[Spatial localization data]
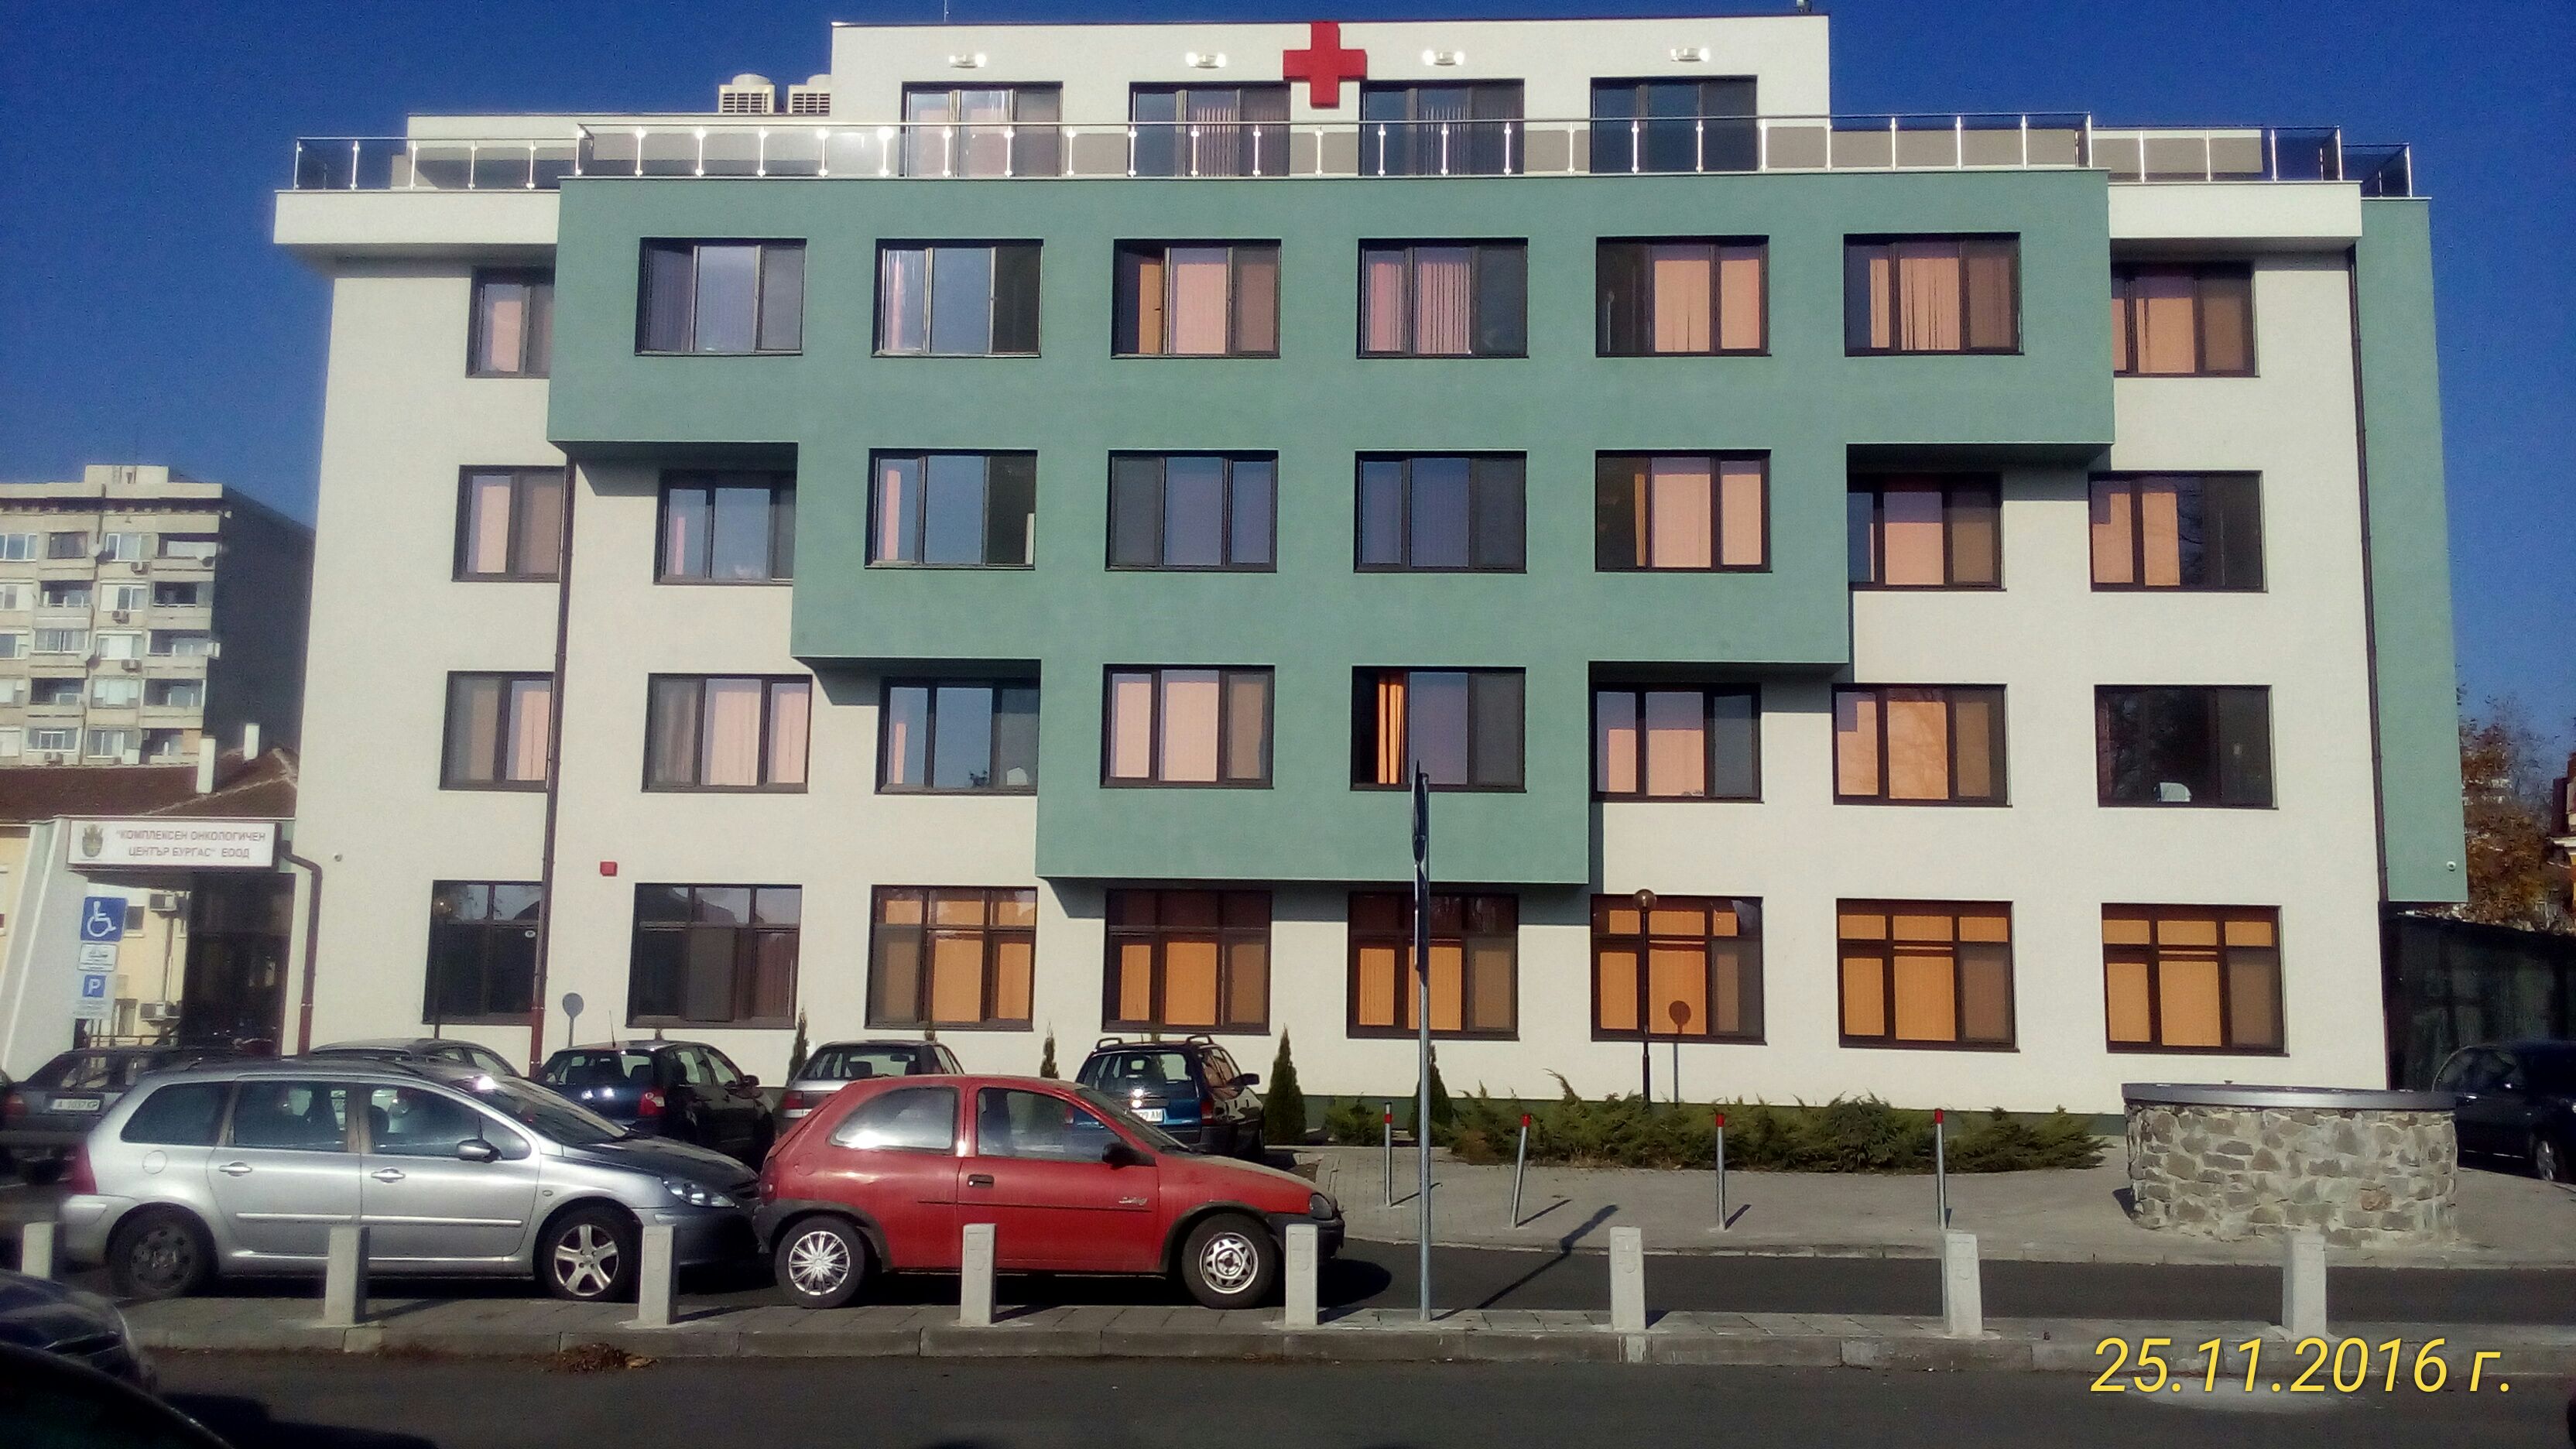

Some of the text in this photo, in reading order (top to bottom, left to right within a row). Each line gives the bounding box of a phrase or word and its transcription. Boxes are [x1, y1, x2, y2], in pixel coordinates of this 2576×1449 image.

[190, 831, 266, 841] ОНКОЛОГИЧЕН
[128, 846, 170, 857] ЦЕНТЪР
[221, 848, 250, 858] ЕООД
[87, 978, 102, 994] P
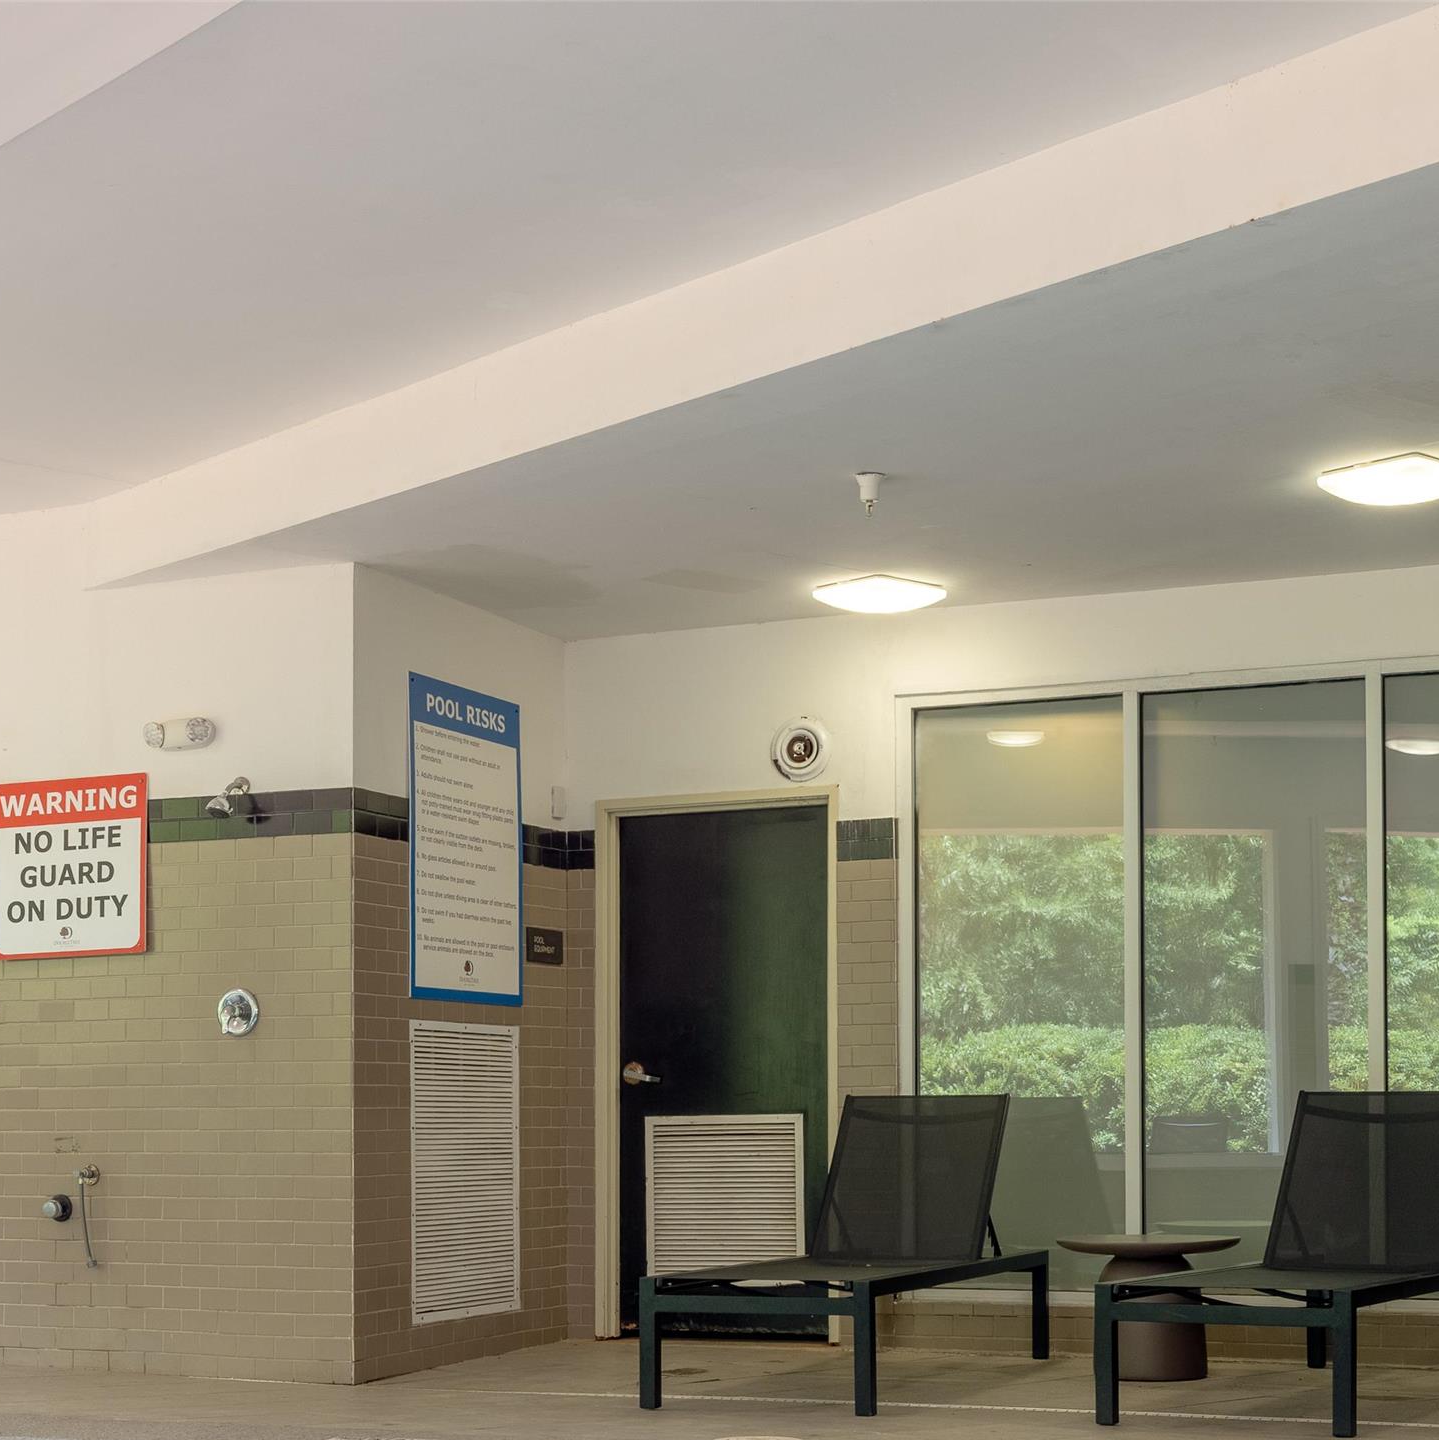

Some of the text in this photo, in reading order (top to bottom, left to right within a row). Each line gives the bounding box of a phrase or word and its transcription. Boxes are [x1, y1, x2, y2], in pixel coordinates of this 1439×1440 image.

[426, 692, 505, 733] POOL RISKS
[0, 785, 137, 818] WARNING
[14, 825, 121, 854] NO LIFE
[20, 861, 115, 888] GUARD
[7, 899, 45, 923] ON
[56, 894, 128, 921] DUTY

**EXERCISE INSTRUCTIONS**
Leave out the pictures and reproduce the rest of the records exactly.

**ANSWER SECTION**
Some of the text in this photo, in reading order (top to bottom, left to right within a row). Each line gives the bounding box of a phrase or word and its transcription. Boxes are [x1, y1, x2, y2], in pixel coordinates of this 2576×1449 image.

[190, 831, 266, 841] ОНКОЛОГИЧЕН
[128, 846, 170, 857] ЦЕНТЪР
[221, 848, 250, 858] ЕООД
[87, 978, 102, 994] P

Some of the text in this photo, in reading order (top to bottom, left to right within a row). Each line gives the bounding box of a phrase or word and its transcription. Boxes are [x1, y1, x2, y2], in pixel coordinates of this 1439×1440 image.

[426, 692, 505, 733] POOL RISKS
[0, 785, 137, 818] WARNING
[14, 825, 121, 854] NO LIFE
[20, 861, 115, 888] GUARD
[7, 899, 45, 923] ON
[56, 894, 128, 921] DUTY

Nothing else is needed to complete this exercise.